- **Assignment**:
Restate all of the records below exactly. Do not carry over any image.

Saved data entries:
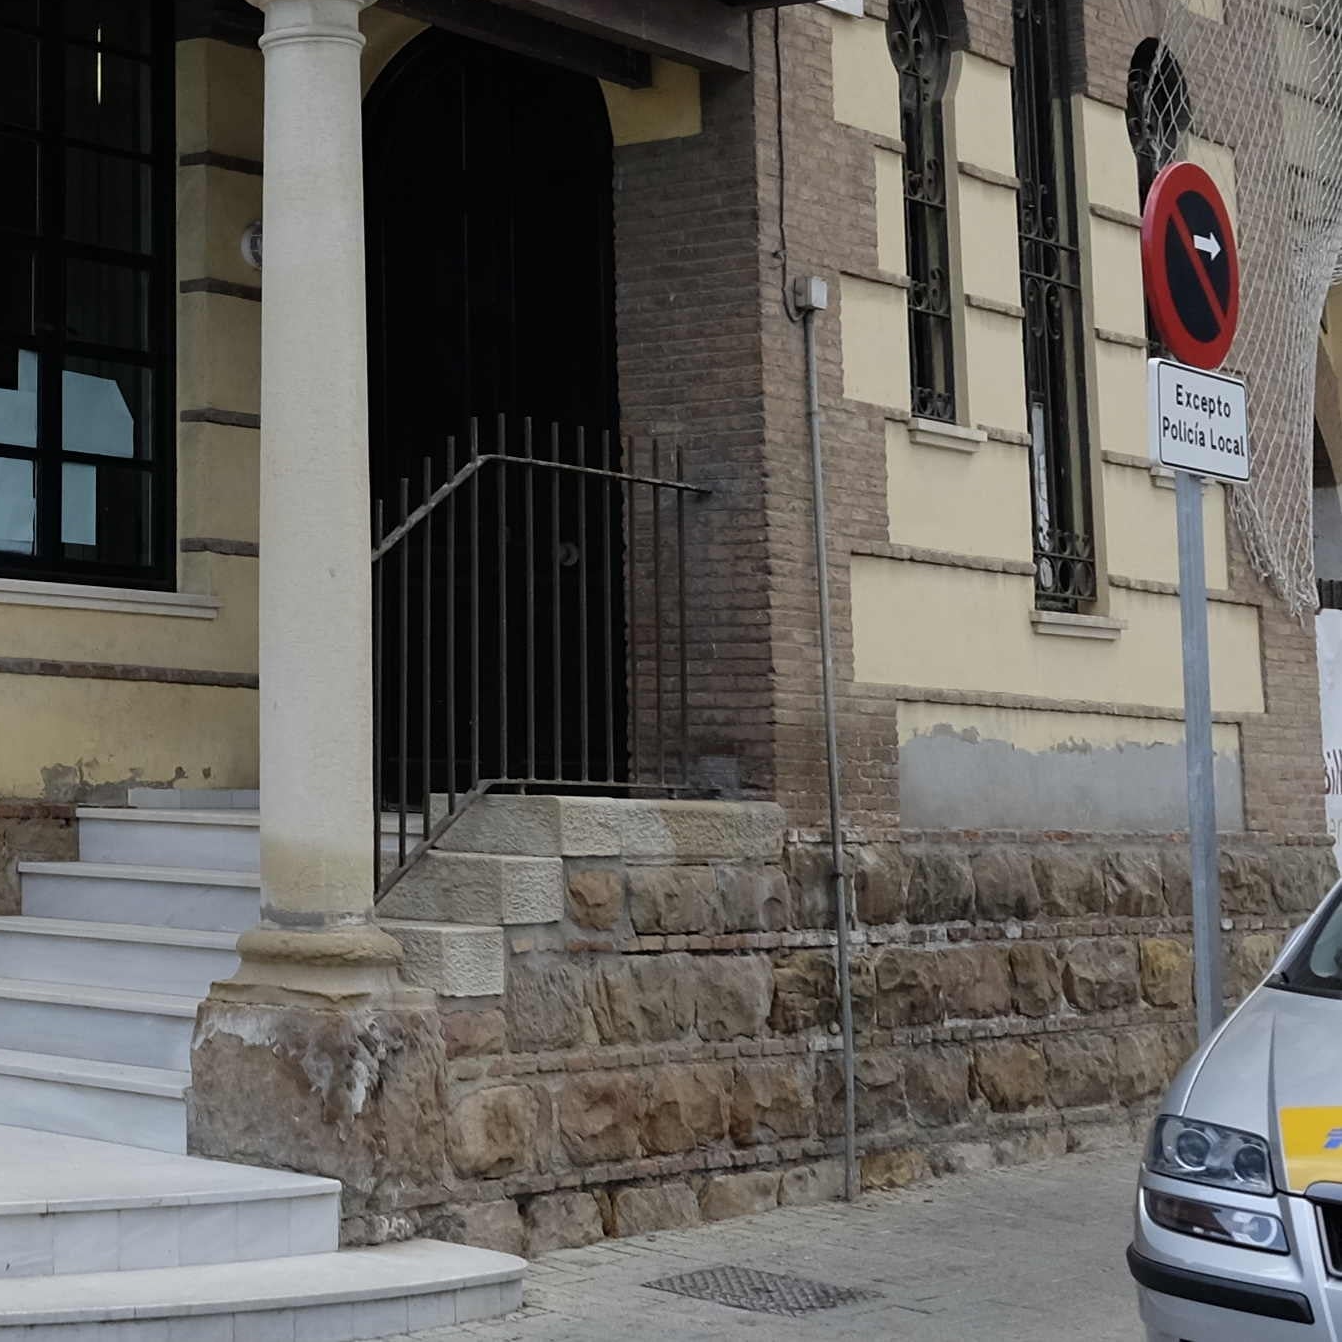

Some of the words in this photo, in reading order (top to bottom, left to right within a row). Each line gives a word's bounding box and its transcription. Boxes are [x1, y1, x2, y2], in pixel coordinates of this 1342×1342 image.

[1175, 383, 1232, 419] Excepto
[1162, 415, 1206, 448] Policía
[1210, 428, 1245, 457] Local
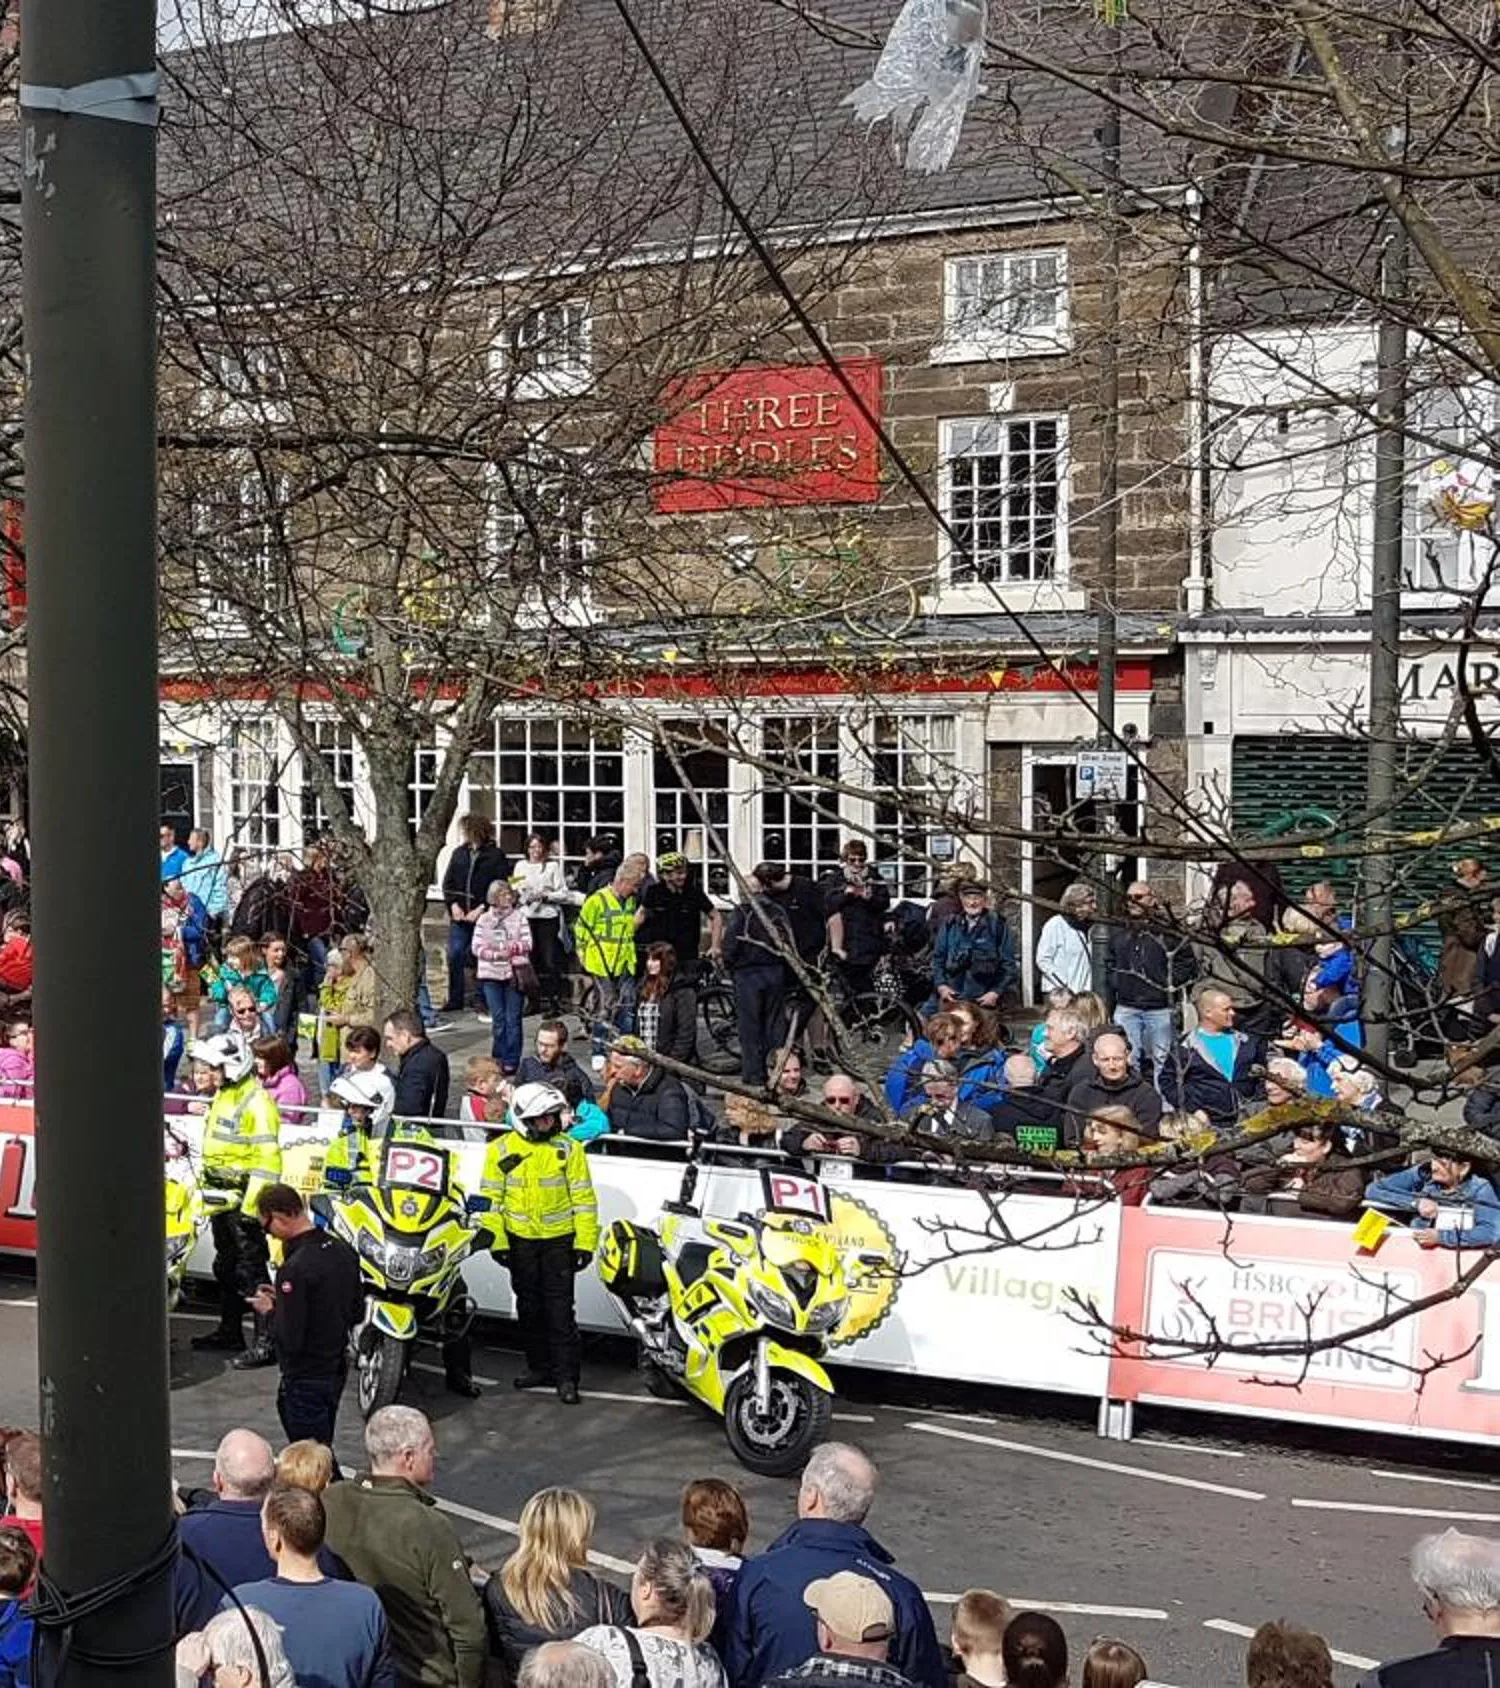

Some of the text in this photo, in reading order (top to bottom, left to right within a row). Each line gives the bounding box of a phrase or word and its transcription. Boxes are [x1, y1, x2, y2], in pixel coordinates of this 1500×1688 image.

- **Written solution**:
Some of the words in this photo, in reading order (top to bottom, left to right within a row). Each line gives a word's bounding box and its transcription. Boxes are [x1, y1, x2, y2], in pixel coordinates of this 1342×1342 image.

[1175, 383, 1232, 419] Excepto
[1162, 415, 1206, 448] Policía
[1210, 428, 1245, 457] Local

Some of the text in this photo, in reading order (top to bottom, left to right within a row). Each line gives the bounding box of a phrase or word and its transcription. Boxes are [x1, y1, x2, y2], in pixel coordinates of this 1500×1688 image.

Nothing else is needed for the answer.